7 July 1601
God Be Praised
The King of Bali sends the King of Holland his greetings. Your Admiral Cornelis van Eemskerck has come to me, bringing me a letter from Your Highness and requesting that I should permit Hollanders to trade here as freely as the Balinese themselves, wherefore I grant permission for all whom You send to trade as freely as my own people may when they visit Holland and for Bali and Holland to be one.
This is a copy of the King’s letter, which was given to me in the Balinese language and which Emanuel Rodenburch has translated into Dutch. There was no signature. It will also be sent from me to you.
Cornells van Eemskerck
The Radja also presented van Heemskerck with a typical token of royal favor—a beautiful Balinese female slave. Van Heemskerck seemed unaccountably indisposed to accept, at least until Roodenburg explained that to decline would be impolitic. Neither van Heemskerck nor his successors proved reluctant to accept the Radja’s far from naive consent to reciprocal trading conditions as a charter for one-way trade or his offhand endorsement of Dutch hopes for unity as acknowledgment of an alliance.
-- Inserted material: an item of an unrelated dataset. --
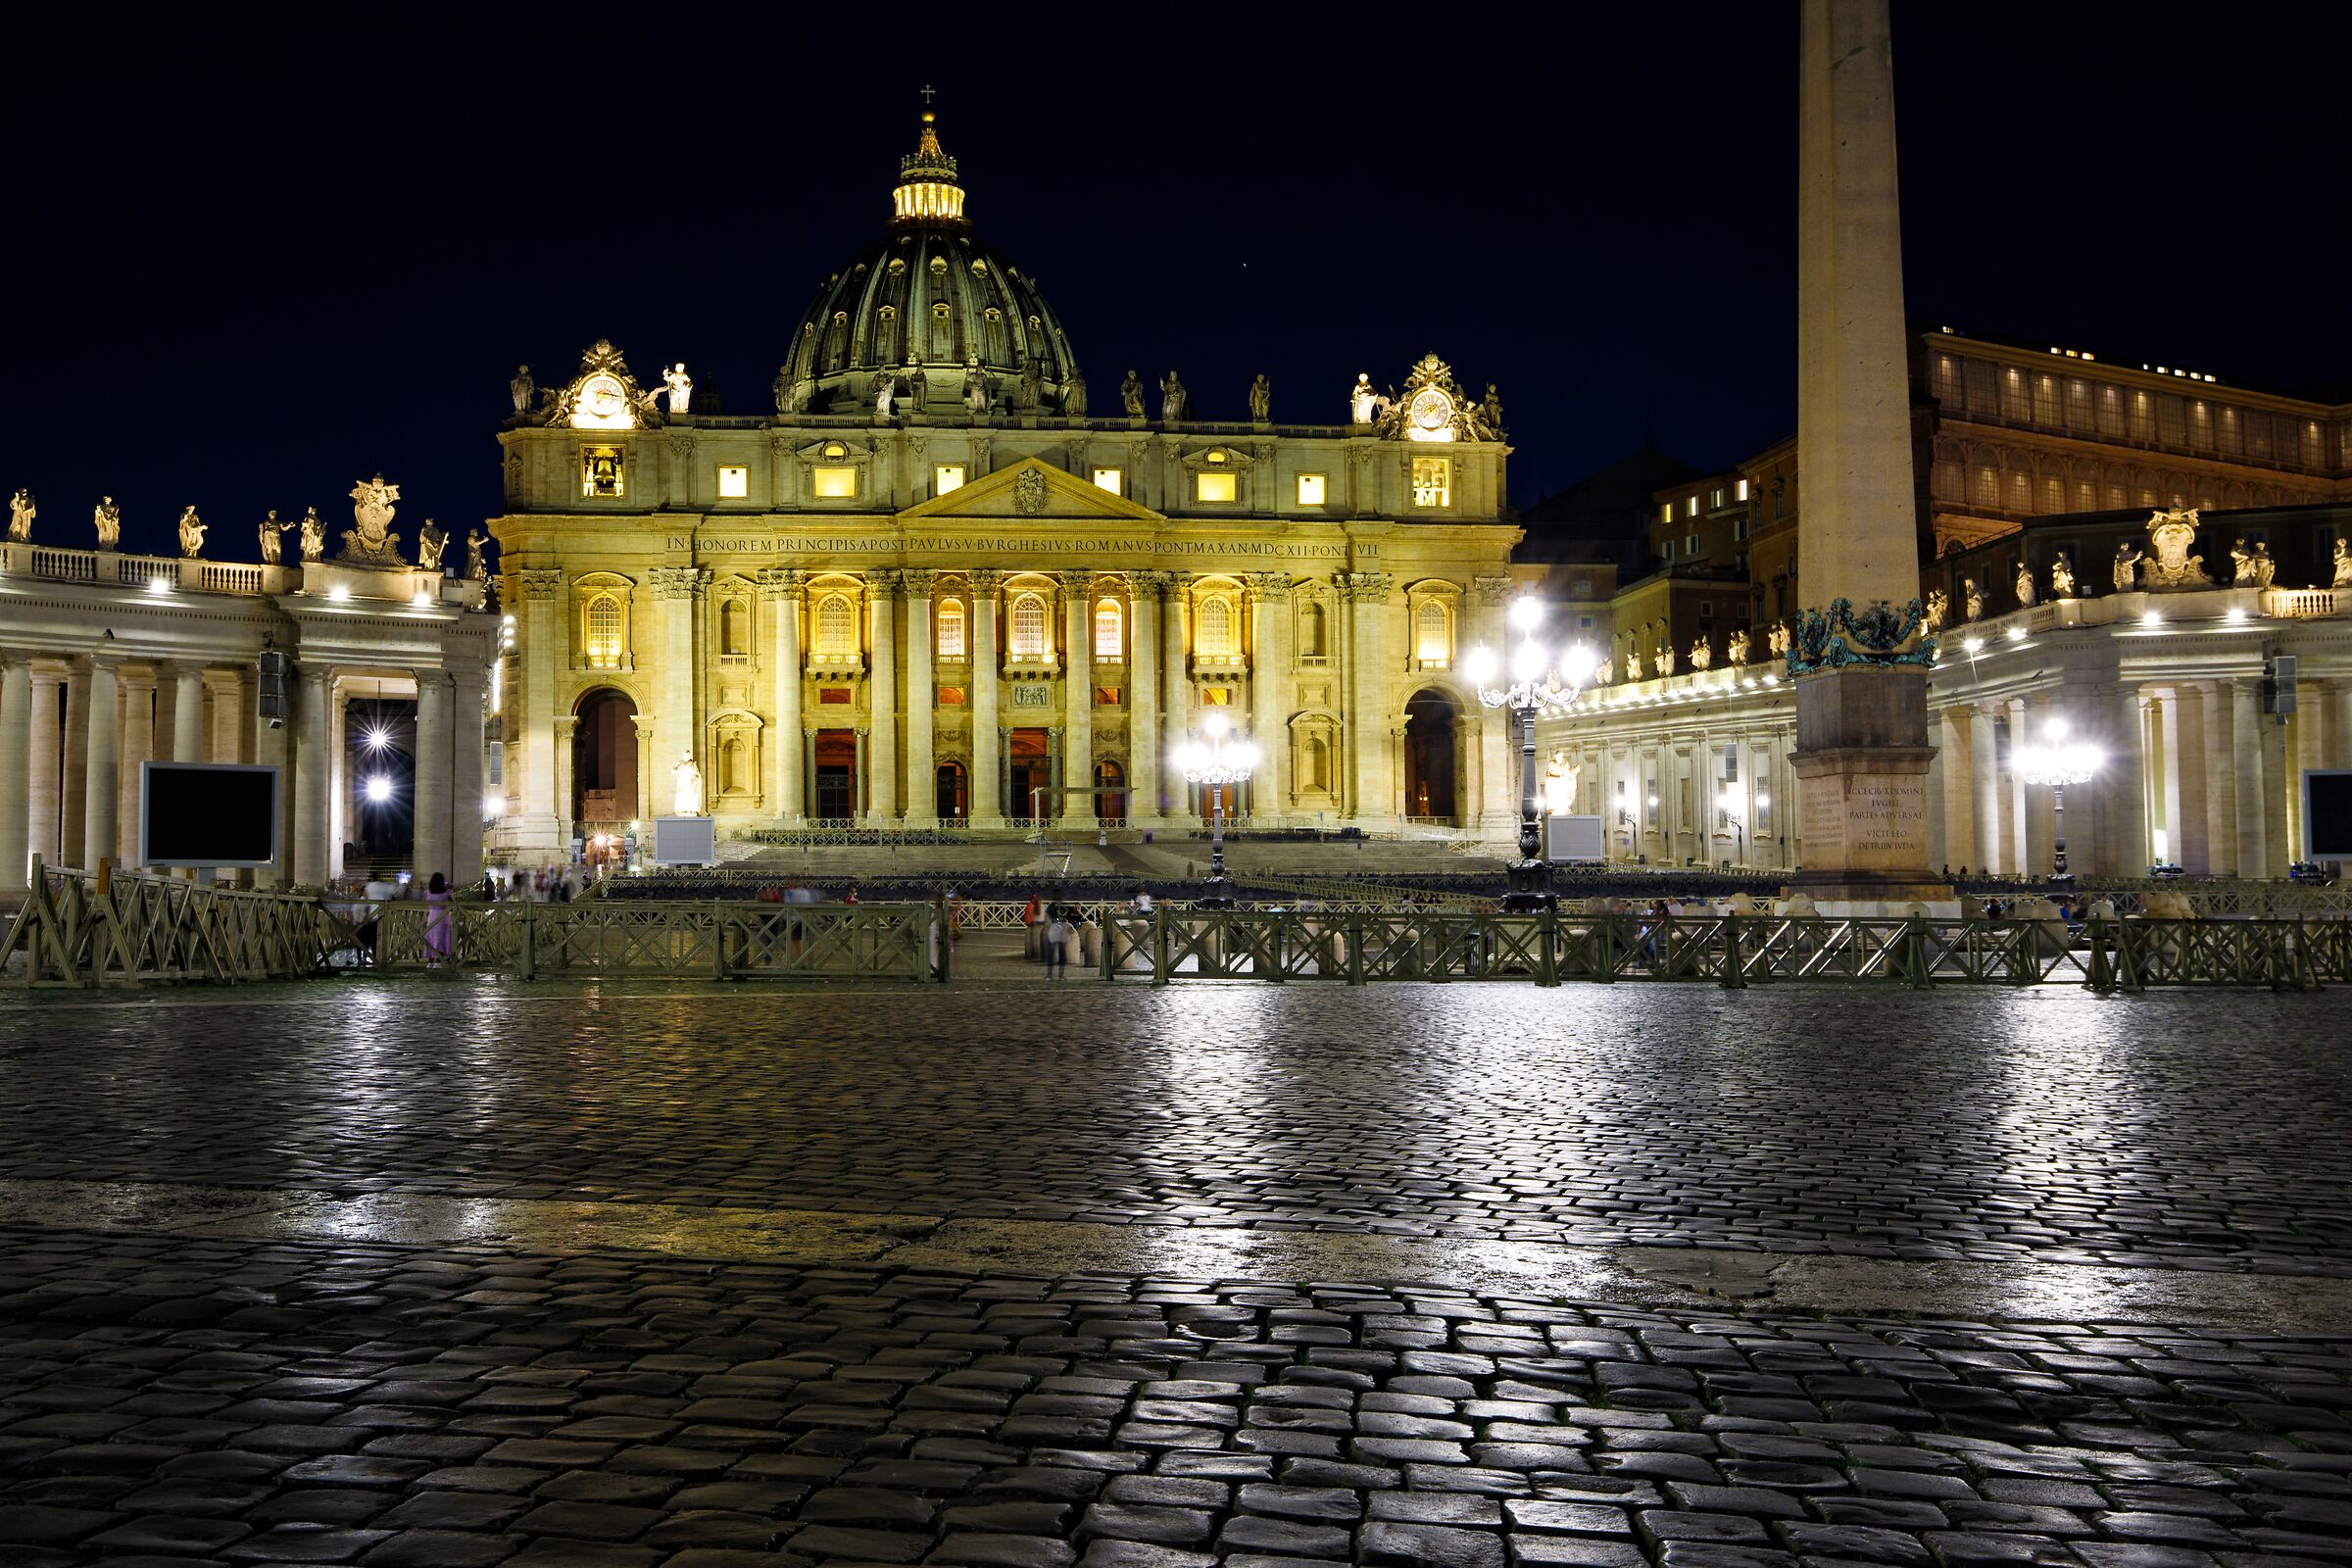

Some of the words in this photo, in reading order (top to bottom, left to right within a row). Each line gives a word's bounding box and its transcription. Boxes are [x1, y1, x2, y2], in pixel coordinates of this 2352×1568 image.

Although nothing much came of the contact for almost two and one half centuries, it was on the basis of this document that the Dutch assured themselves that they had special rights in the island.
V.O.C. Factory and Free Burghers from Batavia
The Netherlands (or United) East India Company, known in the East as the V.O.C. (Vereenegde Oost-Indische Compagnie), manifested little interest in Bali even though it took vigorous and often violent measures to establish itself firmly in the Moluccas, Java, and Sumatra. It does seem to have opened some sort of trading post in about the year 1620, but there is very little indication of subsequent activities or of any continuing European presence. The first merchant, Hans van Meldert, was instructed to purchase “rice, beasts, provisions, and women,” but he aroused such suspicion and hostility on the part of the radjas that he was very soon recalled, having acquired, it seems, as the total result of his enterprise only one consignment of fourteen female slaves. For the next two centuries, Balinese commerce was mainly in the hands of Chinese, Arab, Bugis, and occasional Dutch private traders. These latter were the Batavian “free burghers” who came to be tolerated on the fringes of the Company’s Batavia Castle and were permitted to deal in goods which the V.O.C. itself found either profitless or objectionable, although it did at times quietly and indirectly participate. In the case of Bali this meant mainly slaves and opium.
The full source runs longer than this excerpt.